■ **Input records**

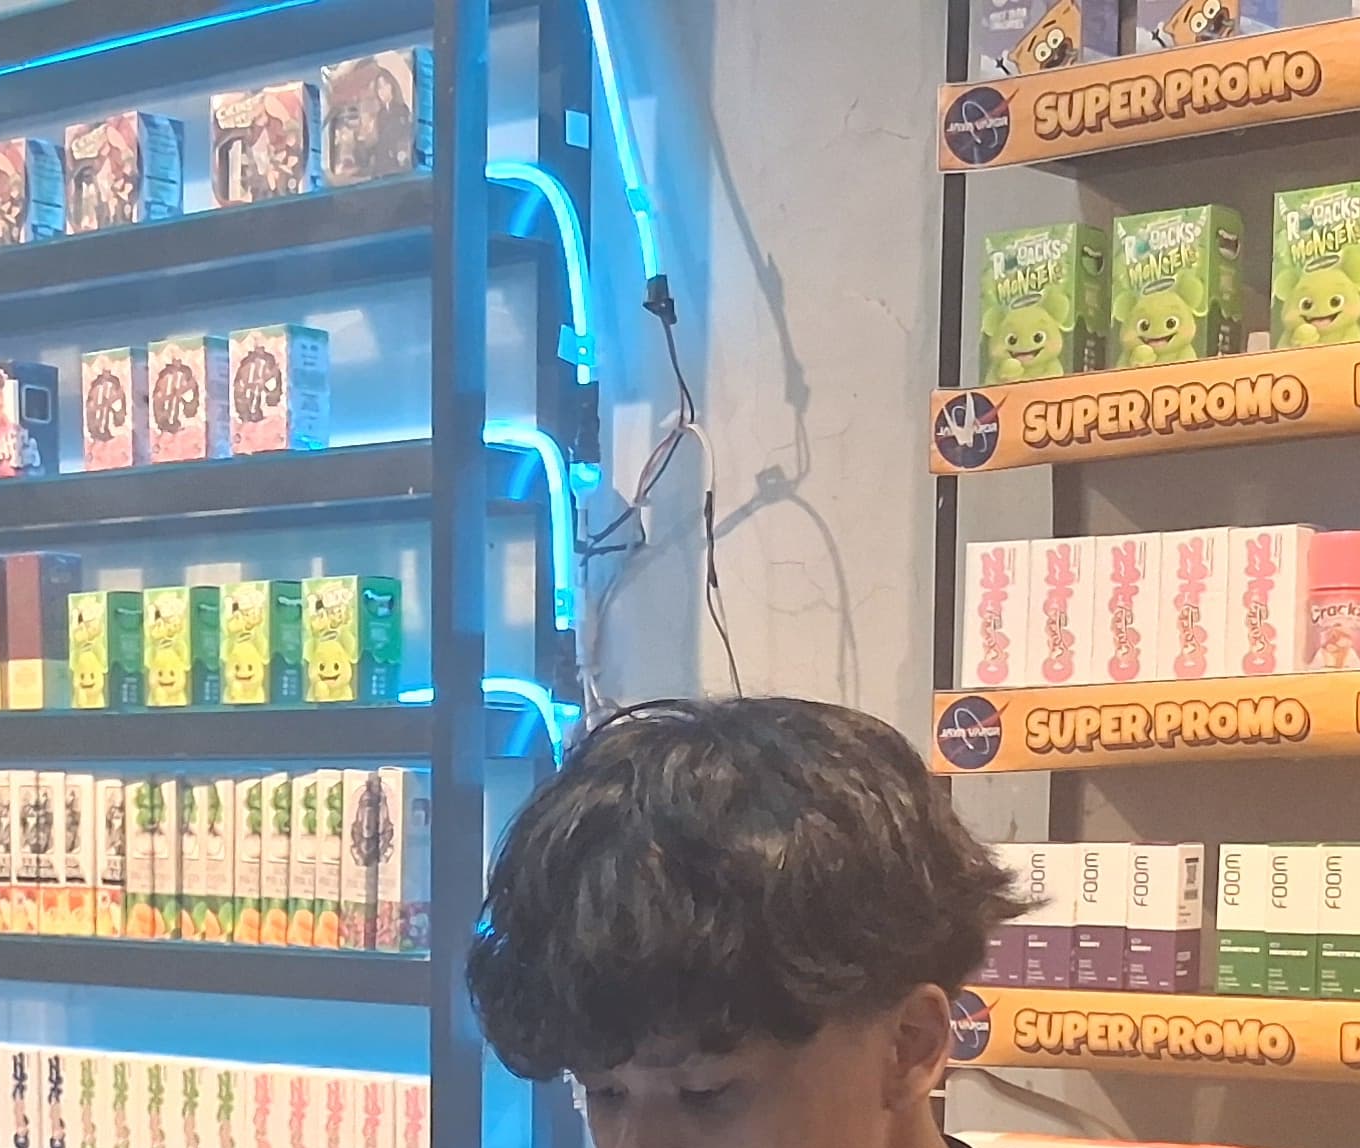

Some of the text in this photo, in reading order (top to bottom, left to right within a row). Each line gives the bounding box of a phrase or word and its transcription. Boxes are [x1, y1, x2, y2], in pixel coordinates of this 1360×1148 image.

[1034, 76, 1160, 140] SUPER
[1163, 52, 1322, 117] PROMO
[1023, 392, 1153, 449] SUPER
[1152, 374, 1309, 432] PROMO
[1025, 703, 1153, 752] SUPER
[1153, 697, 1310, 747] PROMO
[1083, 853, 1099, 902] FOOM
[1133, 855, 1150, 907] FOOM
[1224, 853, 1241, 906] FOOM
[1272, 855, 1289, 909] FOOM
[1325, 856, 1342, 910] FOOM
[1014, 1008, 1139, 1054] SUPER
[1140, 1014, 1295, 1065] PROMO
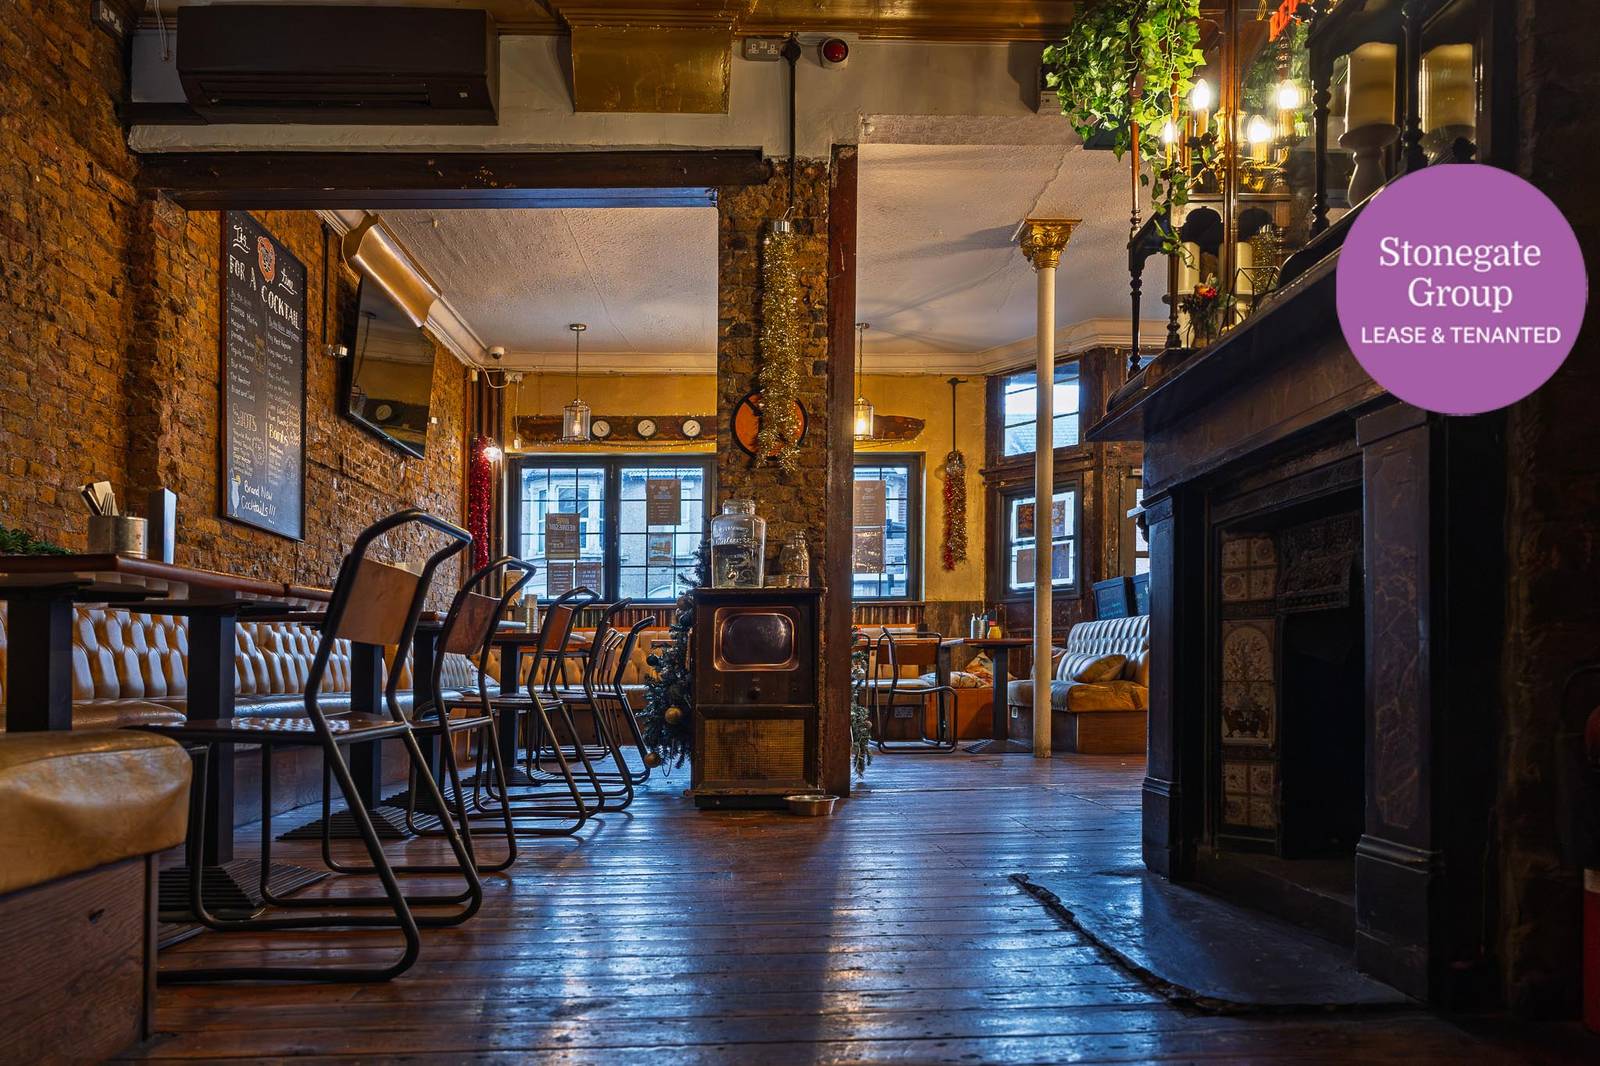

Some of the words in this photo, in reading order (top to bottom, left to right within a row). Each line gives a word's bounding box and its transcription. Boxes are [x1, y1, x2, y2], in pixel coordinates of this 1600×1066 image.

[229, 254, 246, 282] FOR
[249, 266, 257, 291] A
[261, 285, 300, 331] COCKTAIL
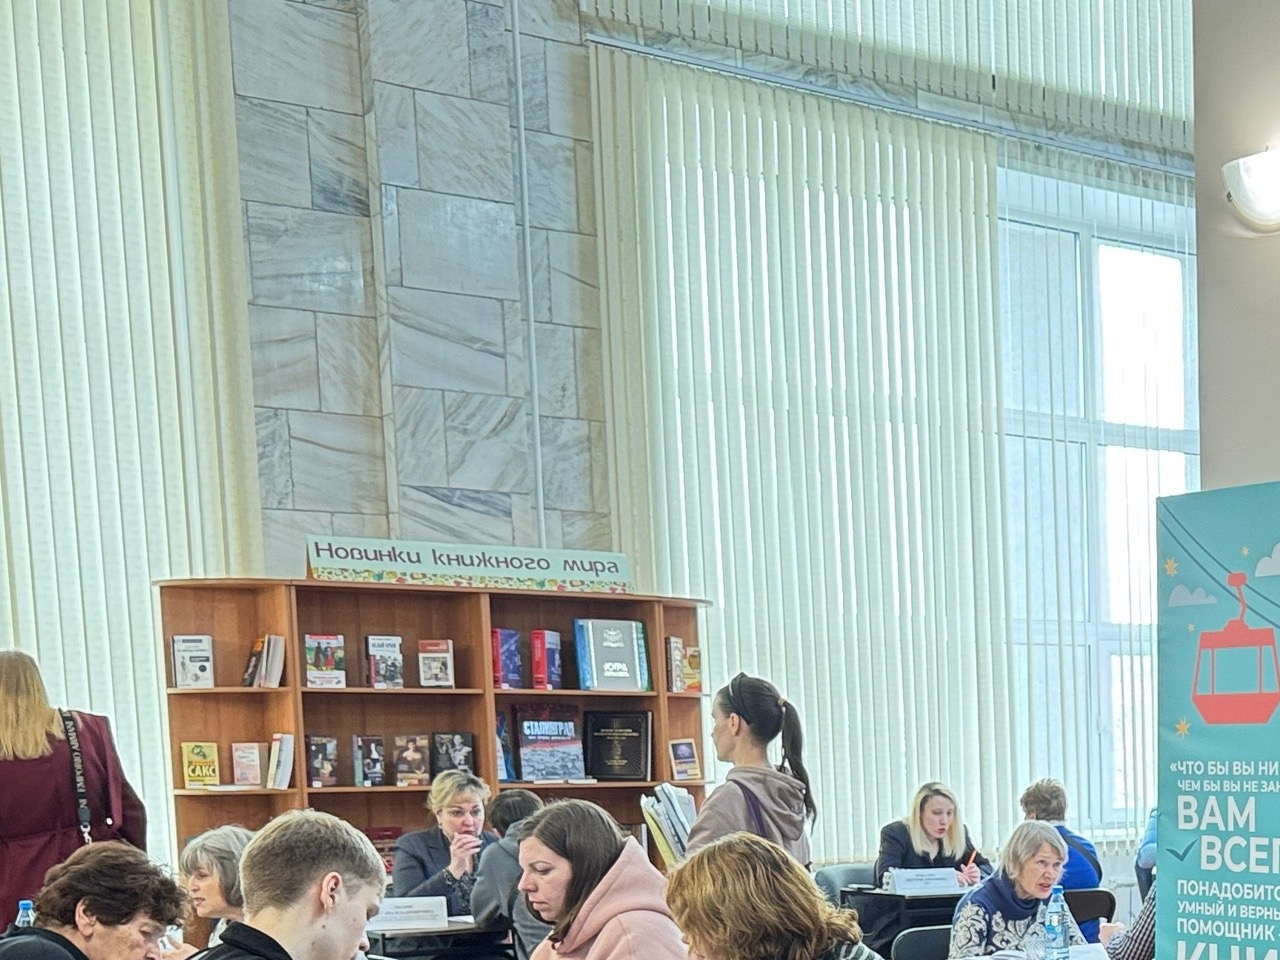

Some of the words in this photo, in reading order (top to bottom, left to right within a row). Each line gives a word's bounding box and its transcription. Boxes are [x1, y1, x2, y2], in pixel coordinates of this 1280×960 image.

[314, 541, 422, 565] Новинки
[433, 548, 550, 571] книжного
[563, 558, 619, 578] мира
[188, 764, 216, 777] САКС
[1170, 760, 1205, 776] «ЧТО
[1207, 760, 1229, 775] БЫ
[1232, 761, 1254, 776] ВЫ
[1258, 761, 1279, 776] НИ
[1177, 780, 1200, 792] ЧЕМ
[1203, 780, 1220, 792] БЫ
[1223, 780, 1241, 792] ВЫ
[1243, 780, 1259, 792] НЕ
[1177, 794, 1256, 832] ВАМ
[1177, 900, 1224, 916] УМНЫЙ
[1227, 905, 1237, 917] И
[1177, 917, 1275, 941] ПОМОЩНИК

■ **Exercise goal**
What is needed is an exact repeat of the records, with every picture left out.

■ **Exercise output**
Some of the text in this photo, in reading order (top to bottom, left to right within a row). Each line gives the bounding box of a phrase or word and its transcription. Boxes are [x1, y1, x2, y2], in pixel coordinates of this 1360×1148 image.

[1034, 76, 1160, 140] SUPER
[1163, 52, 1322, 117] PROMO
[1023, 392, 1153, 449] SUPER
[1152, 374, 1309, 432] PROMO
[1025, 703, 1153, 752] SUPER
[1153, 697, 1310, 747] PROMO
[1083, 853, 1099, 902] FOOM
[1133, 855, 1150, 907] FOOM
[1224, 853, 1241, 906] FOOM
[1272, 855, 1289, 909] FOOM
[1325, 856, 1342, 910] FOOM
[1014, 1008, 1139, 1054] SUPER
[1140, 1014, 1295, 1065] PROMO

Some of the words in this photo, in reading order (top to bottom, left to right within a row). Each line gives a word's bounding box and its transcription. Boxes are [x1, y1, x2, y2], in pixel coordinates of this 1600×1066 image.

[229, 254, 246, 282] FOR
[249, 266, 257, 291] A
[261, 285, 300, 331] COCKTAIL

Some of the words in this photo, in reading order (top to bottom, left to right within a row). Each line gives a word's bounding box and its transcription. Boxes are [x1, y1, x2, y2], in pixel coordinates of this 1280×960 image.

[314, 541, 422, 565] Новинки
[433, 548, 550, 571] книжного
[563, 558, 619, 578] мира
[188, 764, 216, 777] САКС
[1170, 760, 1205, 776] «ЧТО
[1207, 760, 1229, 775] БЫ
[1232, 761, 1254, 776] ВЫ
[1258, 761, 1279, 776] НИ
[1177, 780, 1200, 792] ЧЕМ
[1203, 780, 1220, 792] БЫ
[1223, 780, 1241, 792] ВЫ
[1243, 780, 1259, 792] НЕ
[1177, 794, 1256, 832] ВАМ
[1177, 900, 1224, 916] УМНЫЙ
[1227, 905, 1237, 917] И
[1177, 917, 1275, 941] ПОМОЩНИК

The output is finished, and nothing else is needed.